On appeal the defendant points to the fact that her attorney should have objected to the introduction of the pistol and shell casing found at the scene of the shooting. From a review of the record, we believe a proper foundation was made for their introduction. She also asserts that an objection should have been made to six photographs depicting the deceased's body. These photographs were originally not included in the record on appeal but we have secured the same and find them not to be gruesome. They are black and white photographs and there is no showing of any blood in the photographs. Five of the photographs depict the deceased's position in his car and do not reveal the gunshot wound. The sixth is a photograph of the deceased's chest and face with no contortion of the facial features and the entry wound has the appearance of a small dark mole on the side of his forehead. Again, there is an absence of any blood. In Syllabus Point 6 of State v. Buck, W.Va., 294 S.E.2d 281 (1982), we stated:"In order for photographs to come within our gruesome photograph rule established in State v. Rowe, W.Va., 259 S.E.2d 26 (1979), there must be an initial finding that they are gruesome."

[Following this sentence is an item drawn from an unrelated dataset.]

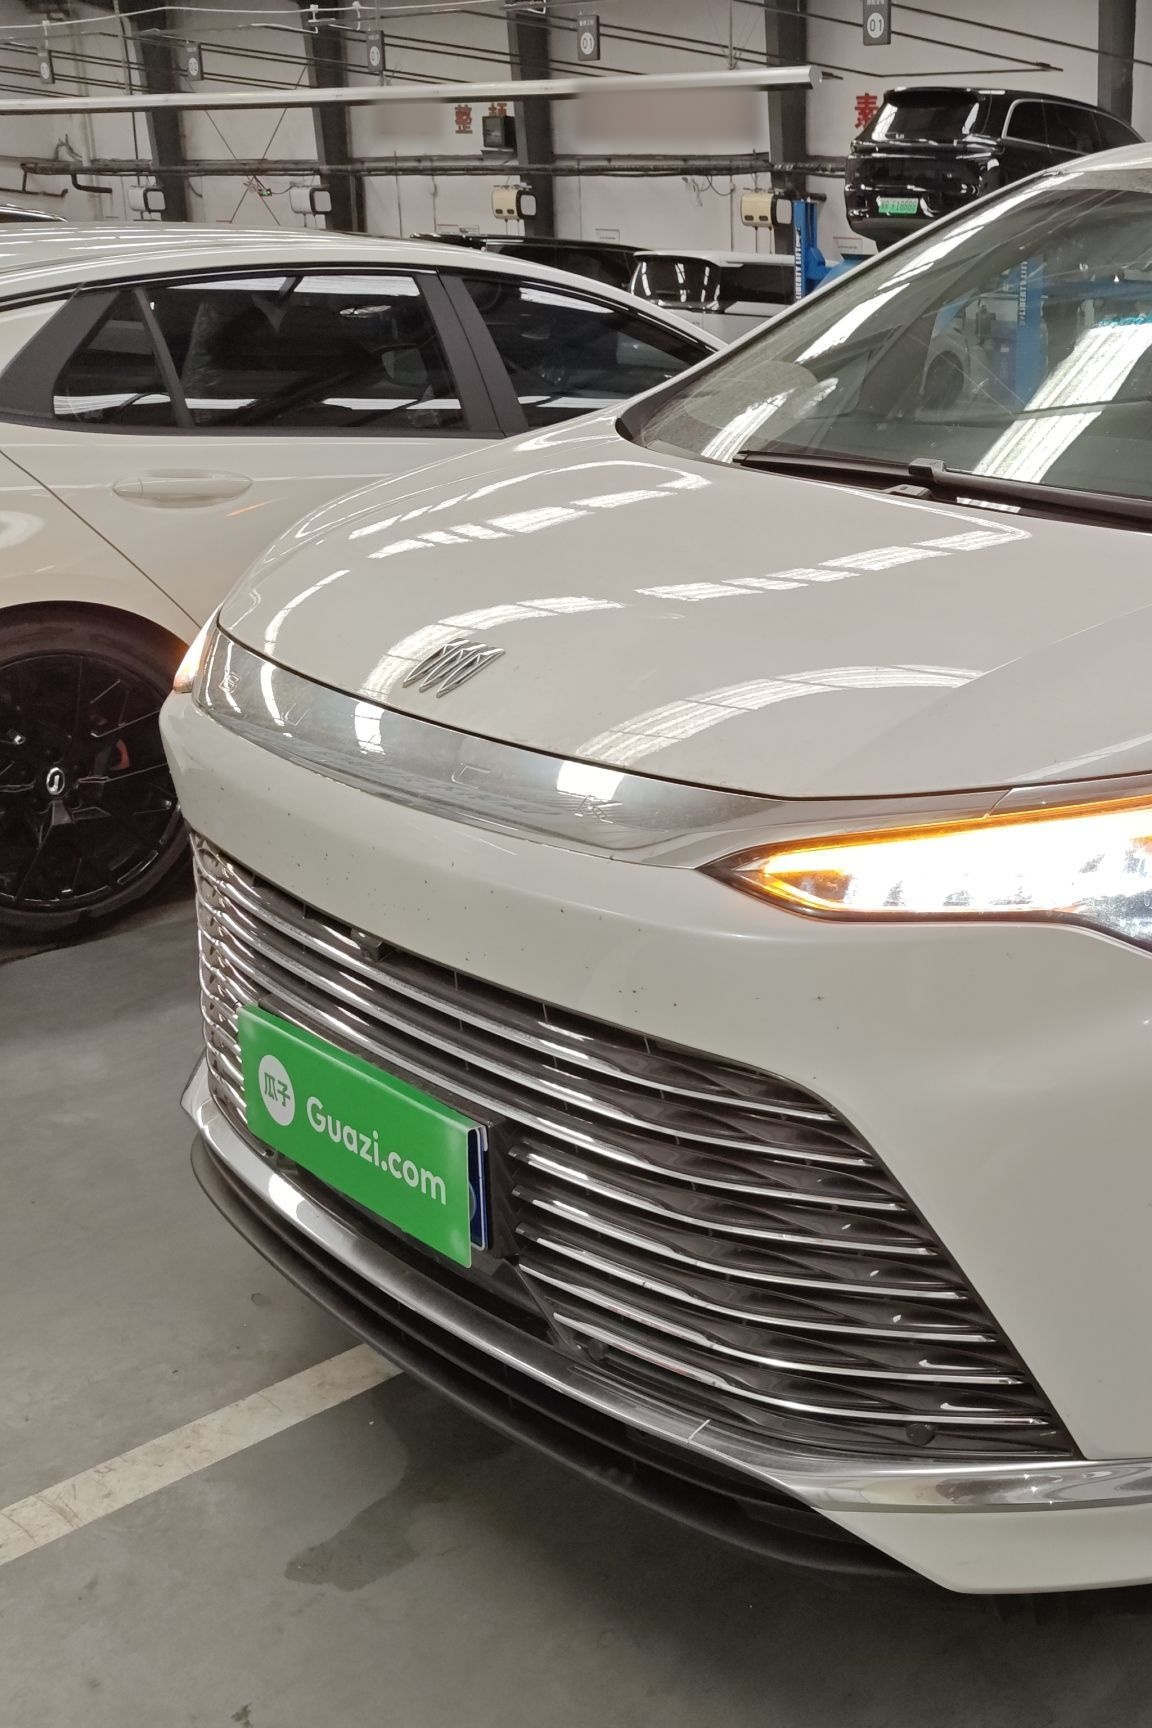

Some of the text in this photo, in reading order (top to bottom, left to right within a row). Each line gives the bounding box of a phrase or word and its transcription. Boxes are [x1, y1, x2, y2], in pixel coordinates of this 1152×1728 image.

[869, 19, 882, 32] 01
[262, 1071, 291, 1109] 瓜子
[305, 1095, 447, 1206] Guazi.com

In reviewing the entire record, we believe the trial attorney acted competently as to evidentiary matters.
The defendant's final assertion in this area is that her attorney was ineffective when he failed to object to the Kirtley instruction. This case was tried several months after the decision in State v. Kirtley, supra, was published. The effect of the Kirtley decision was not to make a radical change in our substantive law of self-defense but to moderate our instructional law on the ultimate burden of proof. Other courts have recognized that failure of counsel to ensure that the jury is properly instructed on the burden of proof on the question of self-defense will not support a reversal based on ineffective assistance of counsel. See State v. McNulty, 60 Haw. 259, 588 P.2d 438 (1978); Commonwealth v. Domaingue, 8 Mass.App. 228, 392 N.E.2d 1207 (1979). Consequently, we are of the view that the failure of defense counsel to object to the Kirtley instruction in the case before us does not constitute ineffective assistance of counsel such that the case should be reversed on that ground.
There being no reversible error in the case, the judgment of the Circuit Court of Kanawha County is affirmed.
 Defendant's Instruction No. 11A, as amended, stated:
"The Court instructs the jury that if you believe from the evidence that there was a scuffle over the gun, which Jerry Hamilton had, which said scuffle ultimately resulted in the death of the decedent Jerry Hamilton, and the scuffle was started by Jerry Hamilton, and that the accused, Bonnie Mullins, in fear for her safety, endeavored to protect herself by attempting to take the gun and in so doing, Jerry Hamilton was accidentally killed, then you may not find the defendant guilty of the offense charged."